There is another comprehensive web site that has filtered out all the foodstuffs that do not contain any Vitamin D and is therefore far easier to read, called self nutrition data. This provides a listing of the foods highest in Vitamin D, amongst the many other details it provides. All of these IU's provided are measured per 200 calorie servings. Cod liver oil is by far the highest with 2217 IU's.
I can remember taking Cod Liver Oil way back in my youth. Disguised with malt extract it was my favorite thing! Yum yum - no force feeding there! There was also one called something like Haliborange, which was Halibut Liver Oil with orange flavoring - also no persuasion required! Unfortunately cod liver oil went out of favor a few decades back and so we have been deprived for many years of an excellent source of Vitamin D food. Besides this, most of the oily fish are excellent vitamin D food sources, especially if eaten raw.
The average human mother's milk contains just 11 IU's which is why infant formulas and cereals are so highly fortified with vitamin D.

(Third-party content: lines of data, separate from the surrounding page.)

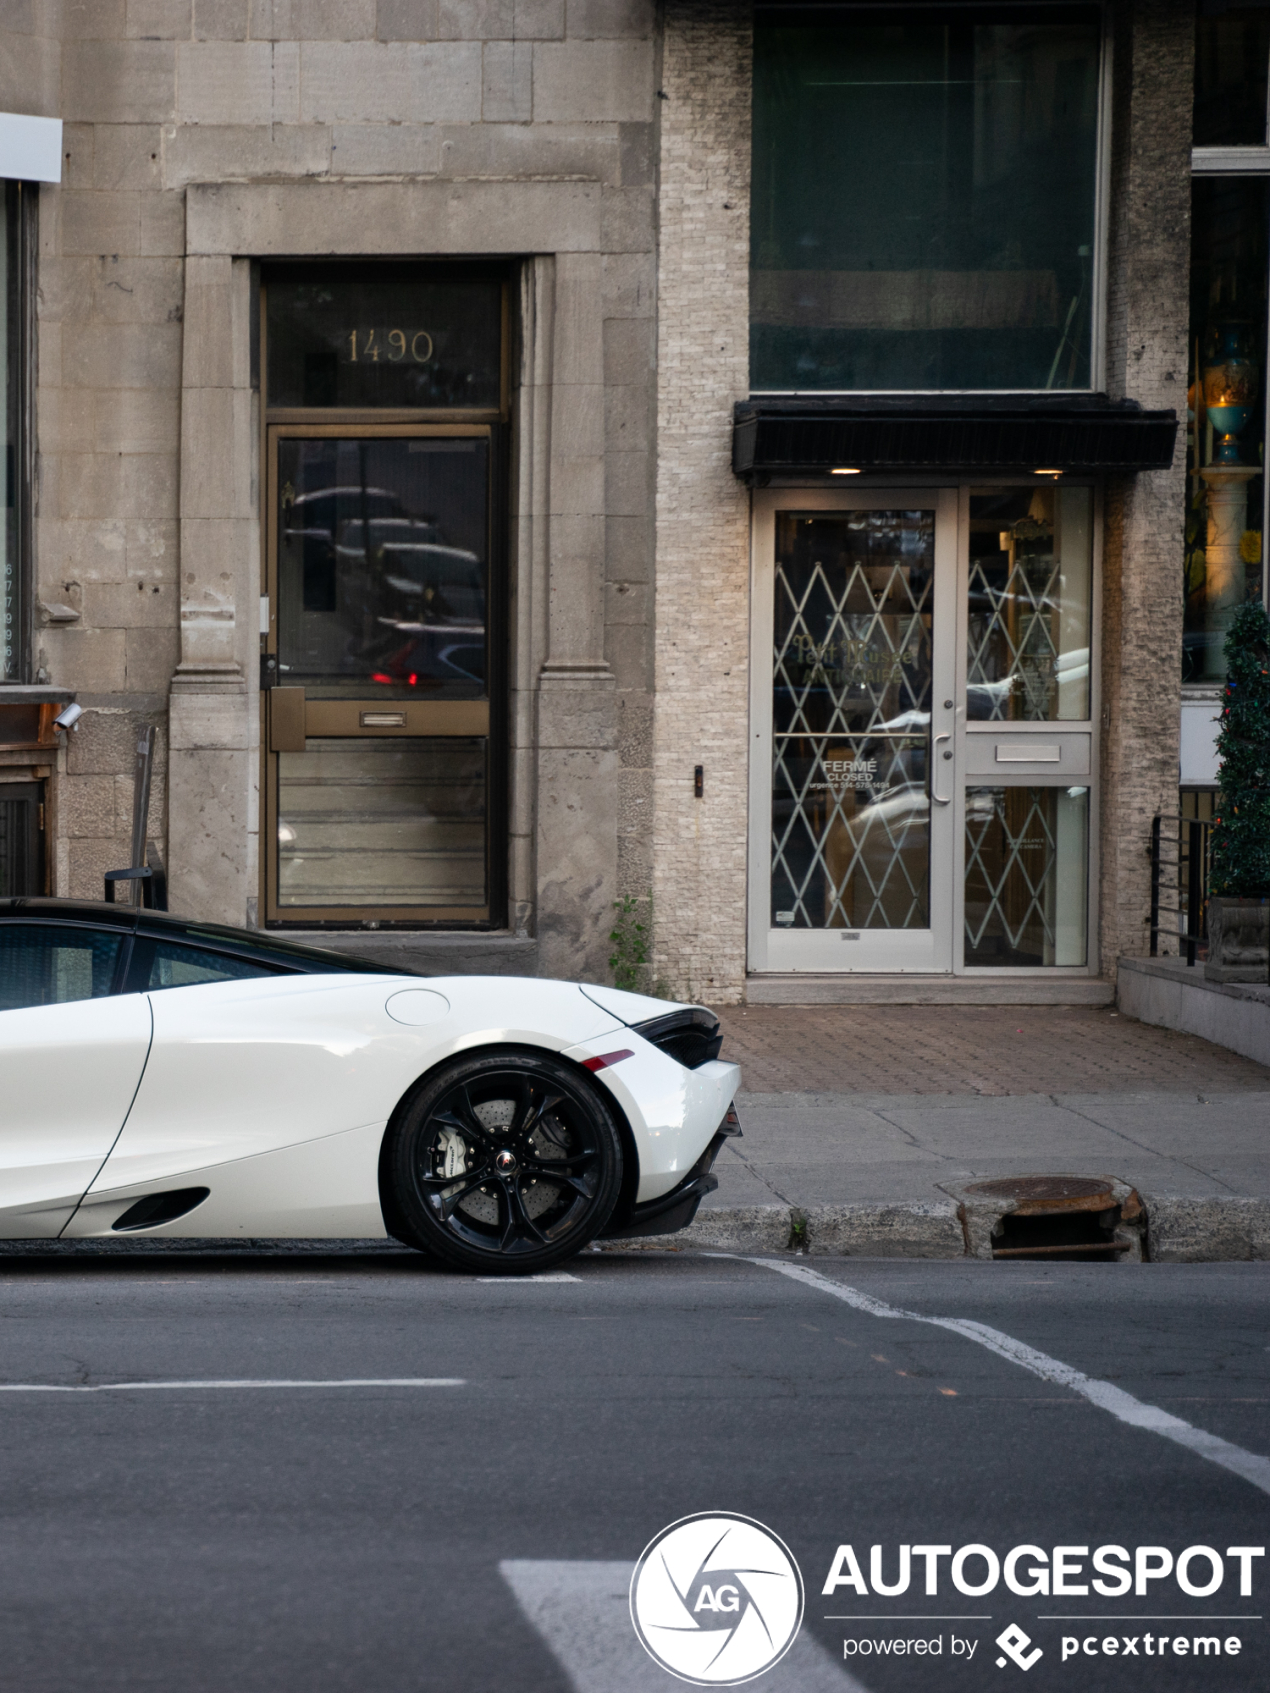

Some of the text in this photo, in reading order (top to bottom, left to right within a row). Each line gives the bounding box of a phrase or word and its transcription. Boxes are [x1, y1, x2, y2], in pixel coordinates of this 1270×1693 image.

[349, 329, 433, 362] 1490
[822, 758, 877, 772] FERMÉ
[827, 773, 874, 782] CLOSED
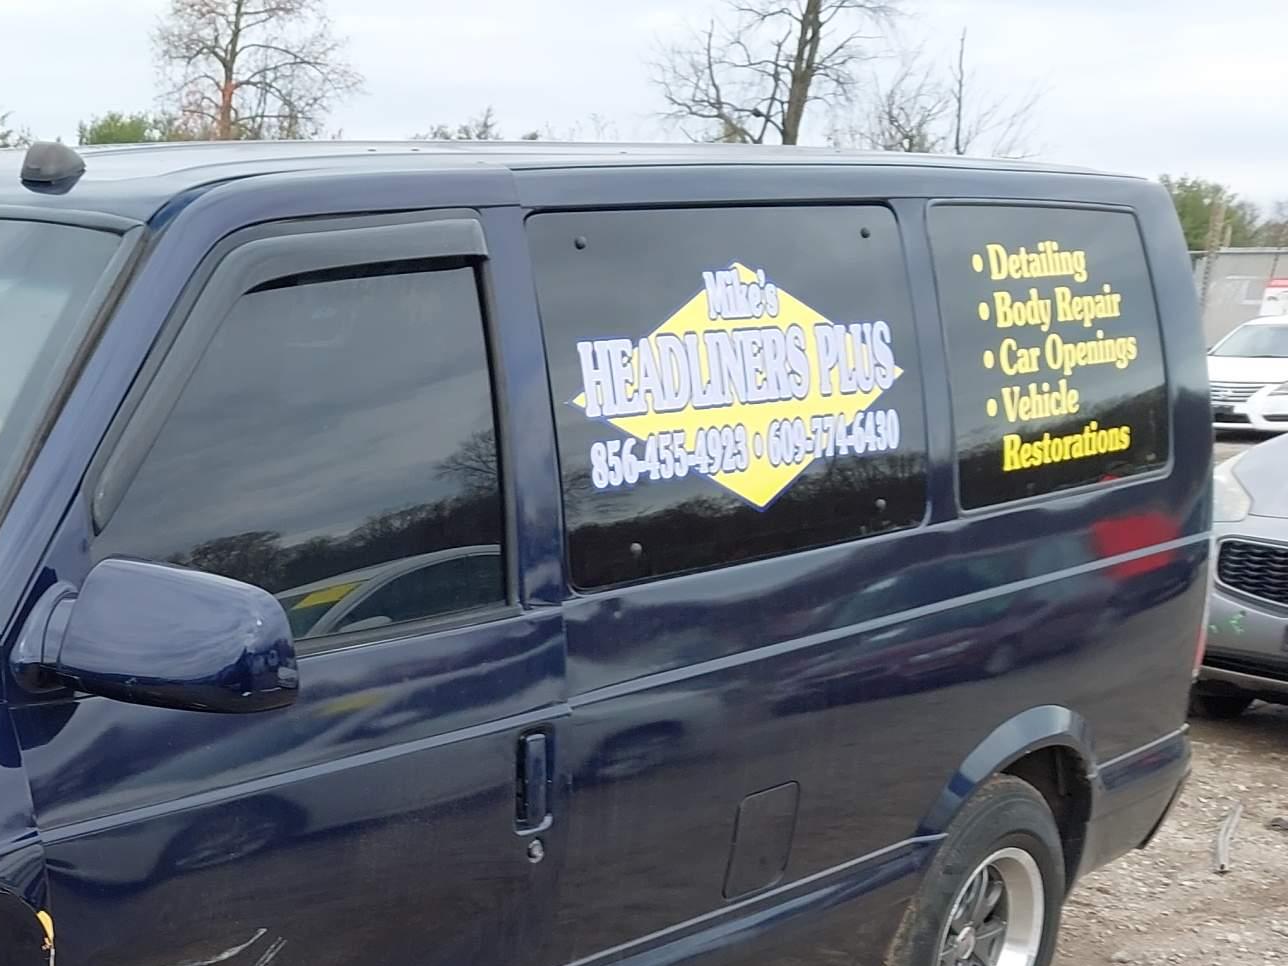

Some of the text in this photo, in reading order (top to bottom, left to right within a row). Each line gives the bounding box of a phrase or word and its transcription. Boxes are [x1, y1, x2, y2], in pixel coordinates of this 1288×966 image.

[986, 240, 1088, 283] Detailing
[702, 268, 779, 320] Mike's
[992, 283, 1122, 332] Body Repair
[577, 321, 896, 417] HEADLINERS PLUS
[999, 329, 1138, 376] Car Openings
[1001, 379, 1080, 423] Vehicle
[590, 408, 900, 488] 856-455-4923 609-774-6430
[1003, 420, 1131, 472] Restorations

However, knowing how much each human's Vit D levels vary depending on their skin colour, geographical location and time spent every day unprotected from the sun's UVB rays, each mother's milk must surely contain different levels of Vit D?
It surely goes without saying then, that the unborn child will benefit accordingly? Mothers with a darker skin living in the northern hemisphere appear to suffer so much more with low vitamin D levels than those living at the equator Eg. with children with rickets or symptoms of rickets, such as soft bones that break so easily without their even knowing. In some cases mothers have even been accused of child abuse.
The American Academy of Pediatrics (AAP) recommends that exclusively and partially breastfed infants receive supplements of 400 IU/day of vitamin D shortly after birth and continue to receive these supplements until they are weaned and consume 1,000 mL/day of vitamin D-fortified formula or whole milk.
Both the United States and Canada mandate the fortification of infant formula with vitamin D: 40100 IU/100 kcal in the United States and 4080 IU/100 kcal in Canada.